BOSTON, Mass. (March 15, 2016) – A new condominium developed by Urban Spaces of Cambridge has been LEED Gold certified by the United States Green Building Council (USGBC), making it the first Boston condominium project to achieve this level of green building certification.

The Lancaster, located at 1501 Commonwealth Avenue between Boston University and Boston College in Boston’s Brighton neighborhood, has 55 units and sits adjacent to the MBTA’s Green Line.

LEED, or Leadership in Energy and Environmental Design, buildings use less water and energy and reduce greenhouse gas emissions, among many more benefits to the people who live there, the community and the environment.

“The Lancaster’s LEED Gold Certification demonstrates tremendous green building leadership,” said Rick Fedrizzi, the CEO and Founding Chair of the USGBC. “The urgency of USGBC’s mission has challenged the industry to move faster and reach further than ever before. Given the extraordinary importance of climate protection and the central

role of the building industry in that effort, Urban Spaces demonstrates their leadership through their LEED certification of The Lancaster. With The Lancaster, Urban Spaces serves as a prime example of just how much can be accomplished.”

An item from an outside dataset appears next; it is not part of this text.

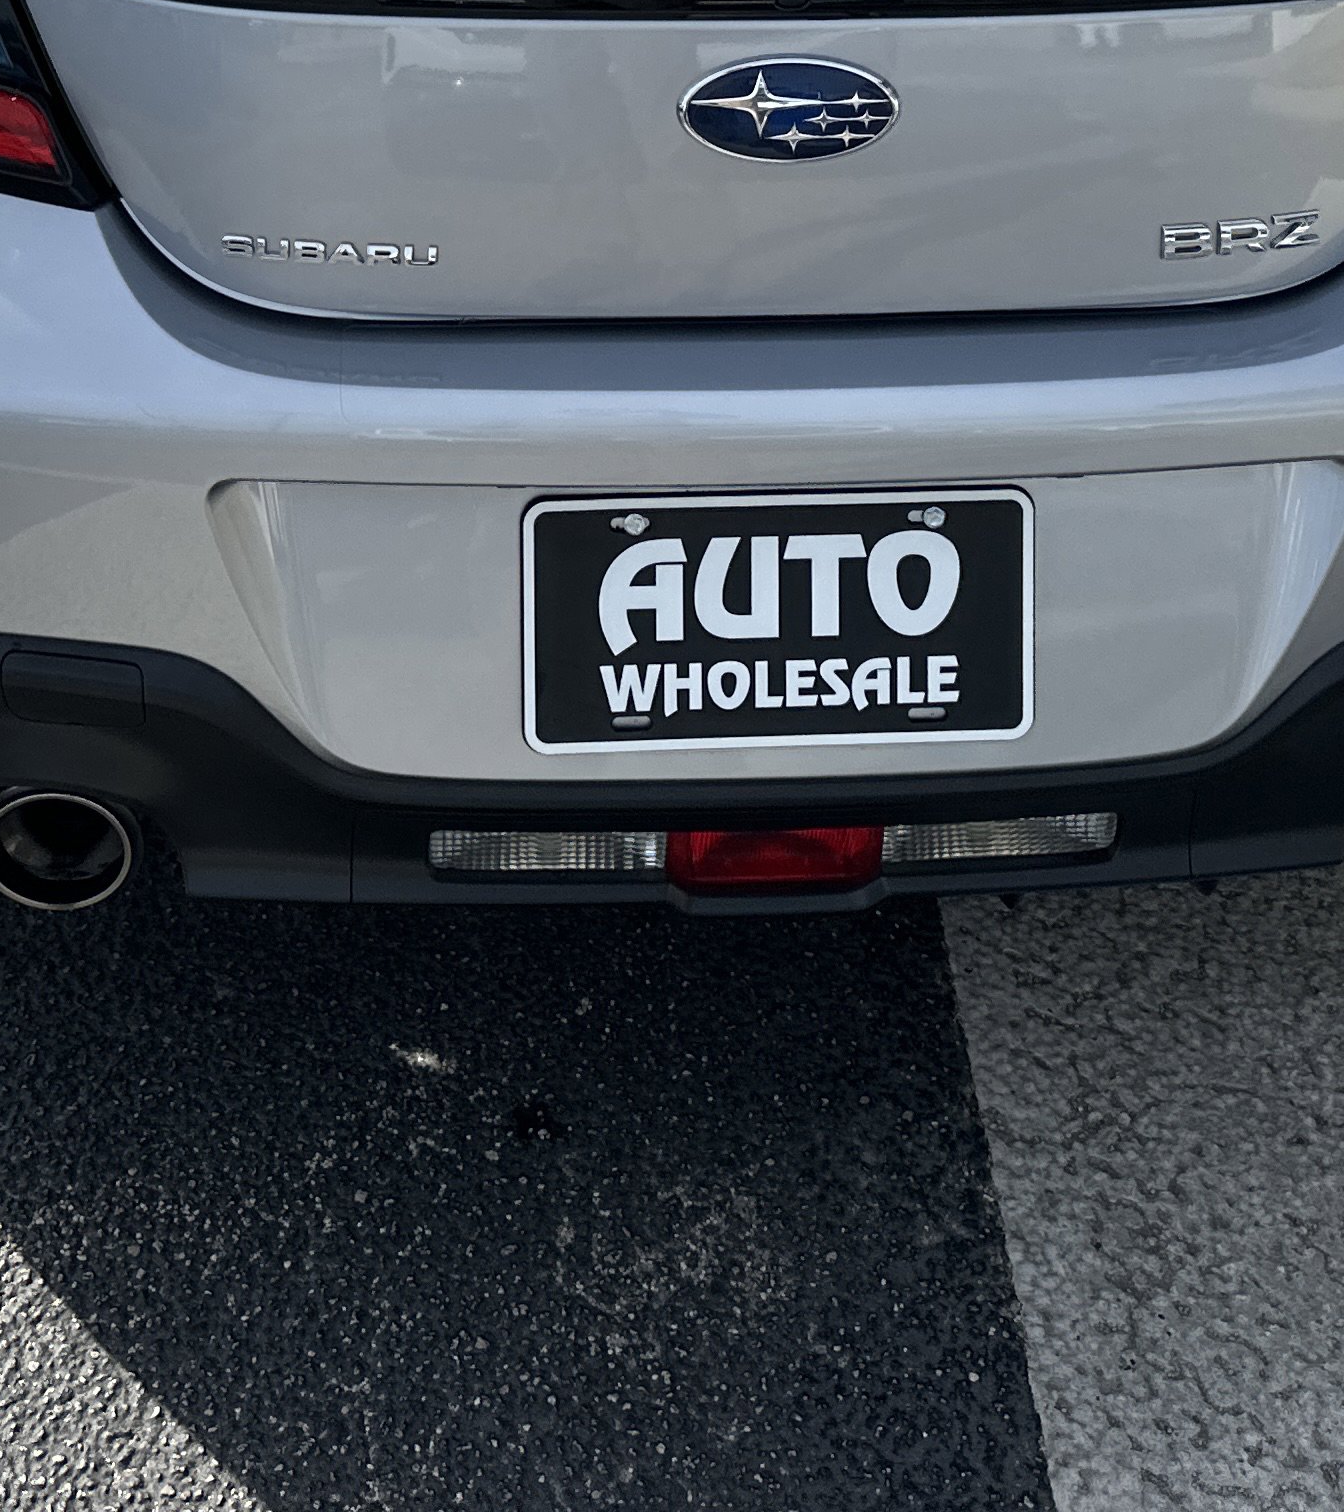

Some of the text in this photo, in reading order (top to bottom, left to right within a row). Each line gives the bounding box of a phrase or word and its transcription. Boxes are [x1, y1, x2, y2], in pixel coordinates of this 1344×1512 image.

[221, 234, 439, 267] SUBARU
[1159, 208, 1320, 260] BRZ
[598, 529, 961, 656] AUTO
[599, 654, 960, 717] WHOLESALE

“We are honored to receive the LEED Gold Certification for The Lancaster,” said Paul Ognibene, the founder and CEO of Urban Spaces. “The Lancaster has been a labor of love for us. And now to know that The Lancaster is the very first condominium in Boston to receive the Gold designation makes this project even more special for all of us who worked on it.”

“It is comforting to know that the families who call The Lancaster their home will benefit from lower energy and water bills and better air quality while leaving a smaller environmental footprint behind for many generations to come,” Ognibene said.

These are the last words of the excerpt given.